Many people may not recognize the name, but they have probably used it for a health problem at one point.
Doctors use doxycycline to treat a wide range of issues, including everything from acne to Lyme disease, anthrax exposure and even heartworm in our pets.
However, the once cheap and effective drug has now dramatically gone up in price, and that has health professionals concerned.
Hospitals like Vanderbilt University Medical Center keep doxycycline in stock, but some folks worry the cure for their ailment could now be financially out of reach.
"It's a change that occurred overnight," said Vanderbilt pharmacy manager Michael O'Neil.
Not long ago, the pharmacy at Vanderbilt's hospital could purchase a 50-count bottle of 100 mg doxycycline tablets for $10, but now the same bottle costs a staggering $250.
"That's concerning to us, both as citizens and practitioners, when you see a huge increase like this in a price of a drug," O'Neil said.
Vanderbilt keeps thousands of doxycycline pills on hand in the event of a bioterrorist attack, like anthrax, and O'Neil said replacing expired pills is prohibitive.

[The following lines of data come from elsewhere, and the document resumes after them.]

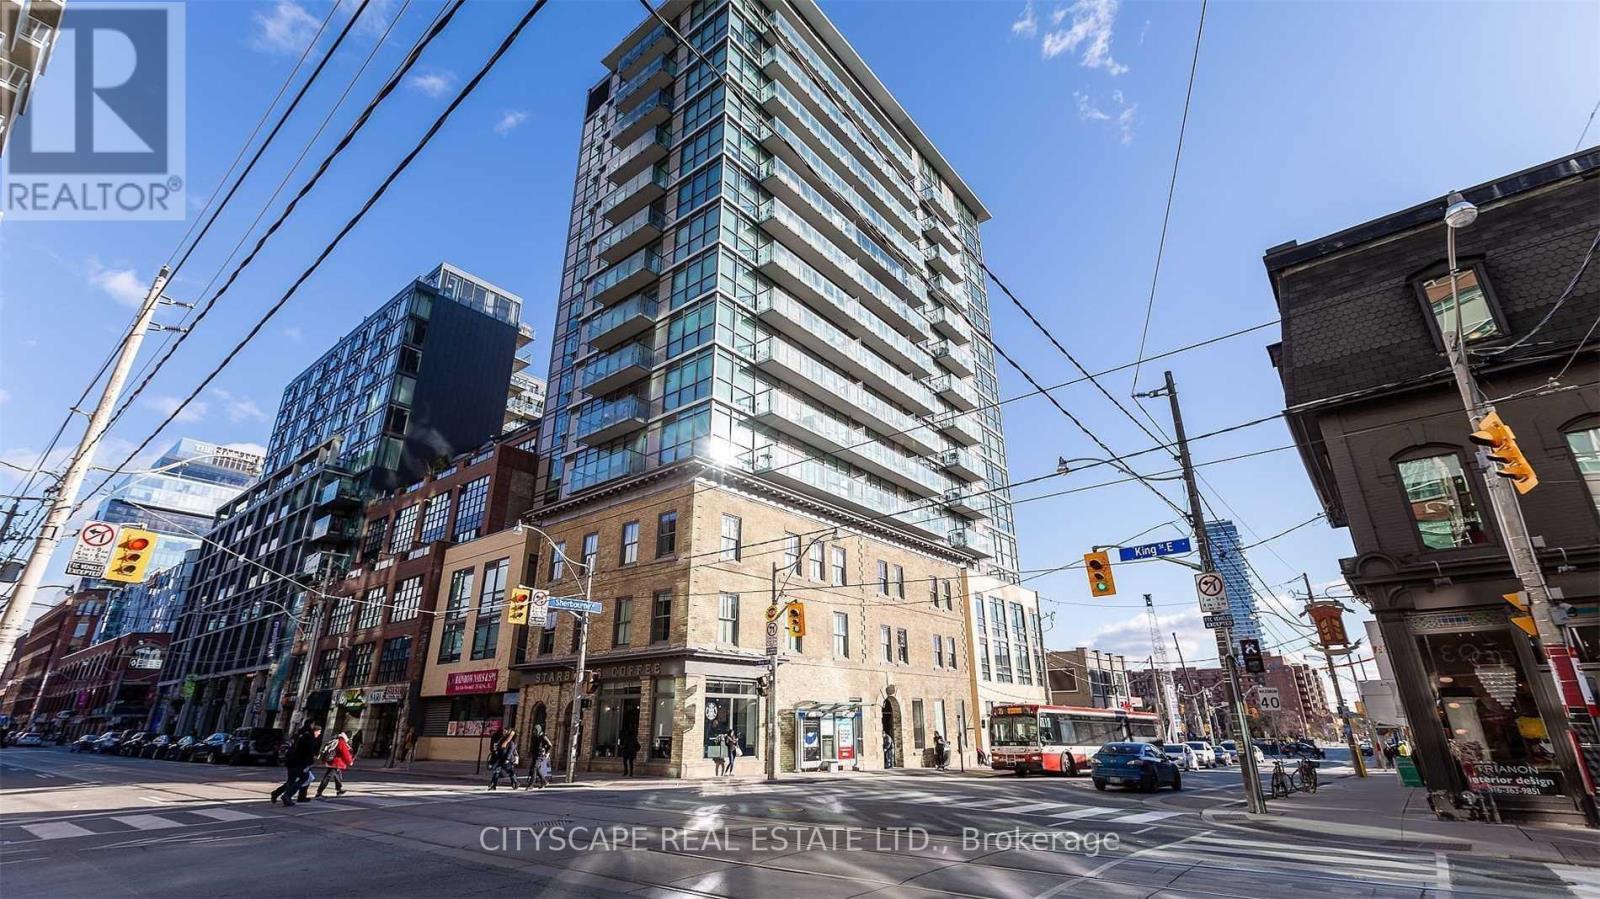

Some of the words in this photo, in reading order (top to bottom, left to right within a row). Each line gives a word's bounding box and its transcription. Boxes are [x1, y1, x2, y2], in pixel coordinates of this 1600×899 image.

[1135, 546, 1157, 557] King
[1167, 542, 1174, 551] E
[535, 668, 601, 683] STARBS
[612, 663, 660, 677] COFFEE
[1261, 696, 1280, 709] 40
[1474, 764, 1539, 774] TRIANON
[1516, 776, 1555, 788] design
[1486, 786, 1541, 795] 16-363-9851

"This one is just hurting us when we need to replace the medication," he said.
But it's the most vulnerable who are in the most jeopardy. For a pet, a heartworm diagnosis can be a death sentence without doxycycline.
Veterinarian Dr. Joshua Vaughn of the Columbia Hospital for Animals is already seeing the tragic results.
"We had one patient who we diagnosed with heartworm. We recommended heartworm treatment, but when they saw the total dollar amount, they elected not to treat the dog at all," Vaughn said.
While manufacturers say they are having problems with raw supply, many in the medical community see greed as an overriding factor.
Vaughn said he wrote a recent prescription for doxycycline that cost $77. This week, the price increased to nearly $3,000.